Boysy’s Joan Katizian tells the story of his mother, who was led to a death march during the 1915 Armenian Genocide, on Saturday, where he was “saved” by the Turks in Aleppo, Syria, where he sold it to slaves. Was done. The stop after the death march was a mass execution, so she thought she was saved.

A small but active community of local Armenians in the Boisy region gathers each year on April 24 to commemorate the Armenian genocide in which an estimated 1.5 million Armenians were killed by the Ottoman Empire.

This year’s memorial on Saturday at the Anne Frank Memorial in Boise was different. That day, President Joe Biden issued a statement declaring the atrocities of 1915-1923 as “genocide.”

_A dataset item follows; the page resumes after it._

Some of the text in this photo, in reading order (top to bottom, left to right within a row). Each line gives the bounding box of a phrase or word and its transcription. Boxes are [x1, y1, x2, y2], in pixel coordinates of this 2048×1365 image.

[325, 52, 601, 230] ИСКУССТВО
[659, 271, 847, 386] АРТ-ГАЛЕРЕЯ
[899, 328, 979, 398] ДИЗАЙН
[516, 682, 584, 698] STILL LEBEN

I was there for the Boise Ceremony, and it was a moving experience.

Critical race theory

Michael Carter, left, Jared Cutler

Michael Carter, left, Jared Cutler

Teaching critical racial theory is a hot topic, especially in Idaho. This week we received guest feedback from Jared Cutler, a former Idaho man who is now Vice President of Sinclair Community College in Ohio, and Michael Carter, Chief Diversity Officer at Sinclair, his colleague. It was.

You can read their thoughts here.

Analysis: By keeping silence, the Idaho Legislature loses its educational story

Idaho Board of Education President Debbie Krichfield (retired) and President-elect Kurt Levich (left) discuss at Idaho State Parliament during a live stream broadcast on Idaho Public Television on Thursday, April 22, 2021. Talk about freedom of expression and other topics that are being done.

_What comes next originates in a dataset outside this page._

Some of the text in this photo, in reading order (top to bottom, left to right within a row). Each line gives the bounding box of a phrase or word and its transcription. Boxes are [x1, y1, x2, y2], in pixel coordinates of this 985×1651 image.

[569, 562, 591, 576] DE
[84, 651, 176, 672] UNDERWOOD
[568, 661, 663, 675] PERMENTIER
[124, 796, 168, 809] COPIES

Idaho Board of Education President Debbie Krichfield (retired) and President-elect Kurt Levich (left) discuss at Idaho State Parliament during a live stream broadcast on Idaho Public Television on Thursday, April 22, 2021. Talk about freedom of expression and other topics that are being done.

Two members of the Brad Little Board of Education, retiring President Debbie Krichfield and newly nominated President Kurt Levich, last week acknowledged the concerns of lawmakers’ social justice and downplayed the issue. I tried to balance. “I haven’t personally seen any evidence of systematic indoctrination,” Levich said at a press conference Thursday afternoon.

Unfortunately, they are a little late to join the discussion. The debate has been going on for some time and is already dominated by the anti-social justice side. Kevin Rechart of Aida Hoed News writes..

Idaho’s fringe politics threatens its ranking as the best place to live

Bob Kustra

Bob Kustra

Last year, Boise scored the highest score again in the ranking game. This time, Livability.com ranked number one among the 100 best places to live. We are amazed year by year as Boise continues to earn national honor as one of the best cities in the United States. Over the years, civic leadership, entrepreneurial innovation, and volunteer efforts have created a national topic about Boise, which has spread to the west and has followed its path to the east.

But it’s all threatened by the moves made by Idaho’s fringe politicians in Congress, Bob Kustra writes.

What you are saying

Letter to the editor

Letter to the editor

This week we received letters on critical racial theory, the Social Justice Program, President Biden’s first 100 days, Governor’s emergency authority, vaccines, Lieutenant Janice McGeetin’s Educational Task Force, and this session.